Records for the task
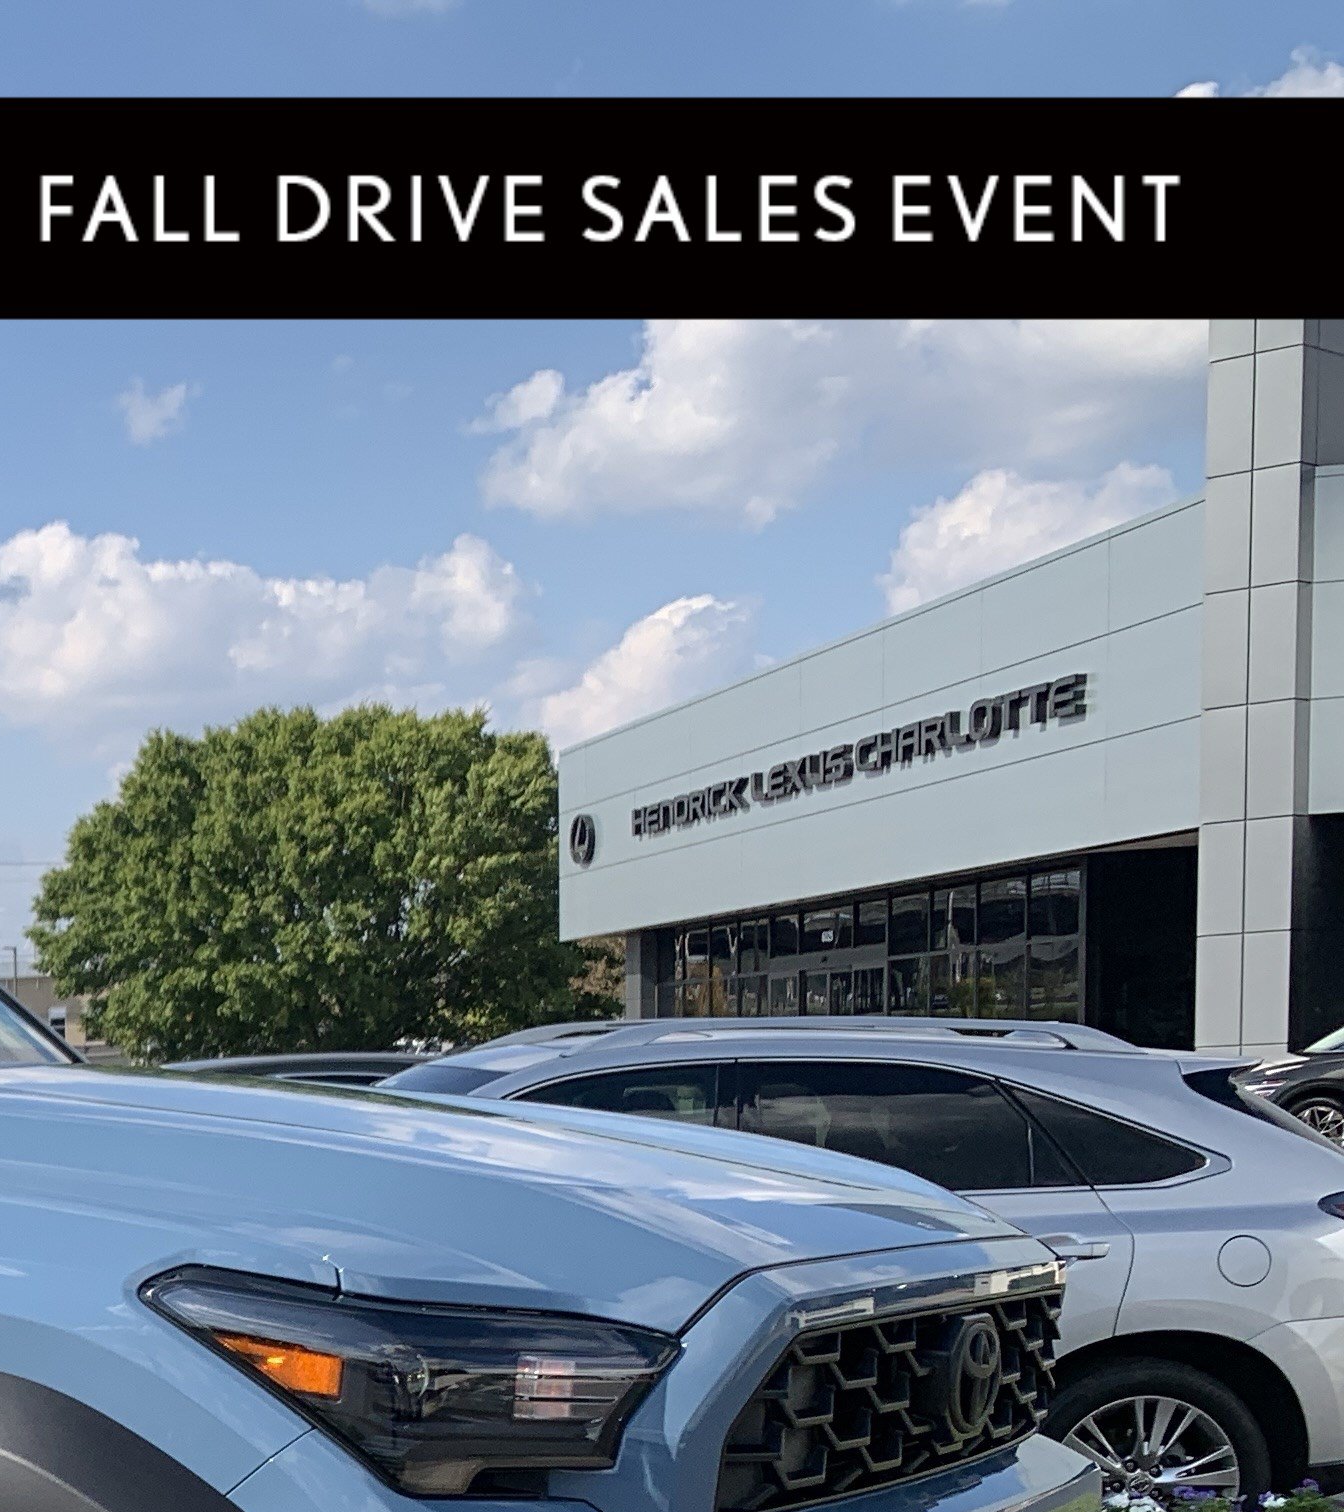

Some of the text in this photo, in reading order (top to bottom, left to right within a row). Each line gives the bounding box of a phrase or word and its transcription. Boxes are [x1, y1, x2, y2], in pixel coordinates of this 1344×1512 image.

[631, 673, 1088, 836] HENDRICK LEXUS CHARLOTTE
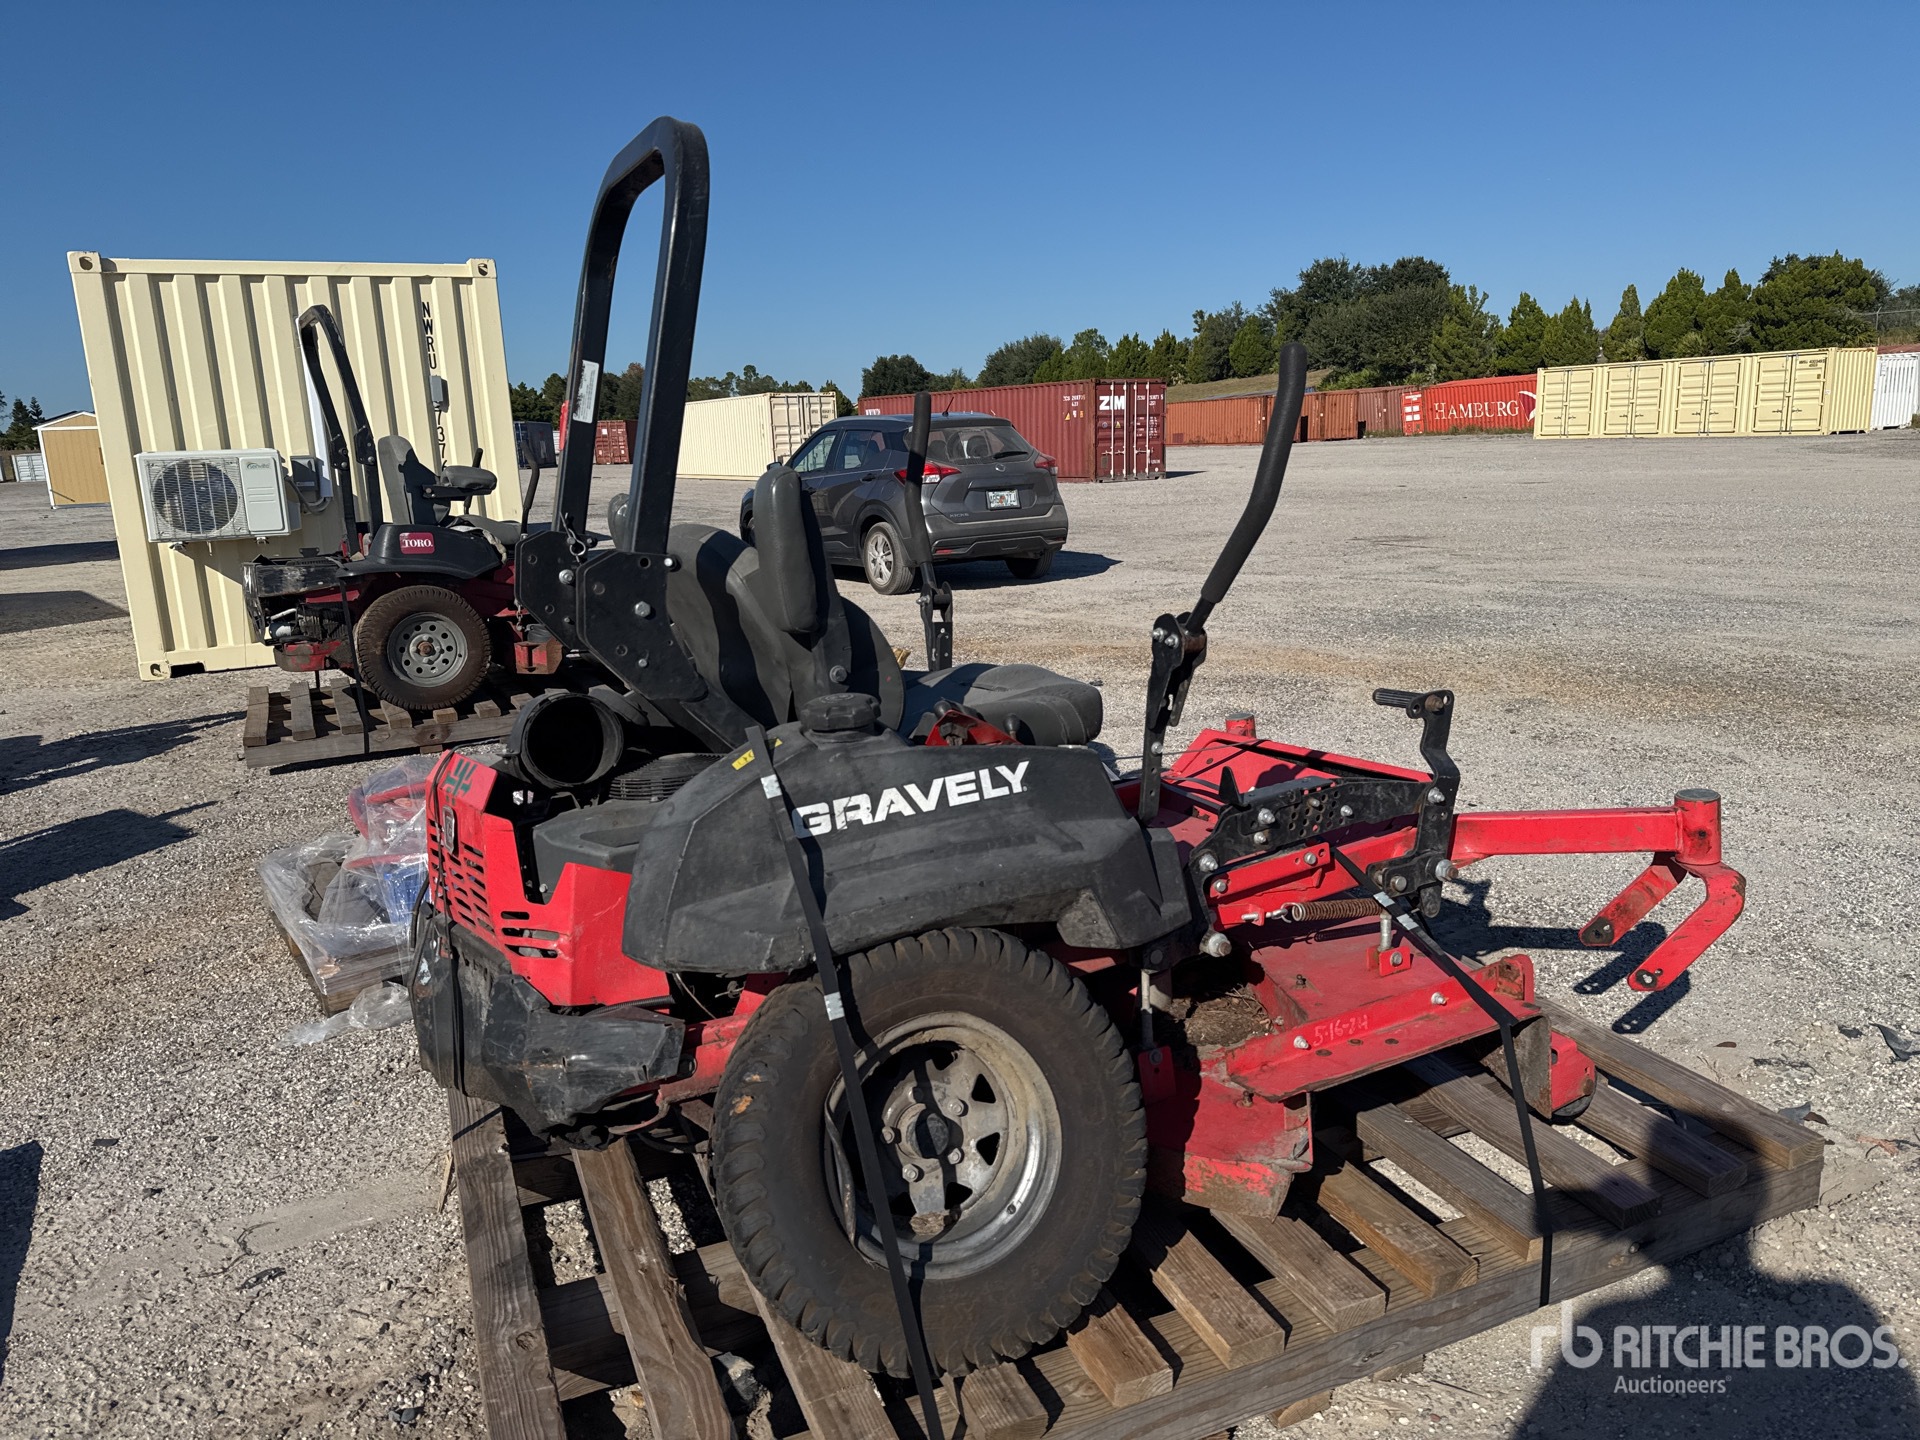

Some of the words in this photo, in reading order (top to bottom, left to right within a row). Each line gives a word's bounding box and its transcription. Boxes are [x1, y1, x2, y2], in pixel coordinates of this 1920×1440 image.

[421, 302, 437, 369] NWRU
[1099, 395, 1125, 410] ZIM
[1434, 400, 1520, 420] HAMBURG
[793, 761, 1029, 838] GRAVELY

How to complete this task
Exact repetition of all the records is required, with the pictures excluded.

Exercise result
Some of the text in this photo, in reading order (top to bottom, left to right within a row). Each line gives the bounding box of a phrase or word and its transcription. Boxes are [x1, y1, x2, y2], in pixel coordinates of this 1344×1512 image.

[631, 673, 1088, 836] HENDRICK LEXUS CHARLOTTE

Some of the words in this photo, in reading order (top to bottom, left to right within a row). Each line gives a word's bounding box and its transcription. Boxes are [x1, y1, x2, y2], in pixel coordinates of this 1920×1440 image.

[421, 302, 437, 369] NWRU
[1099, 395, 1125, 410] ZIM
[1434, 400, 1520, 420] HAMBURG
[793, 761, 1029, 838] GRAVELY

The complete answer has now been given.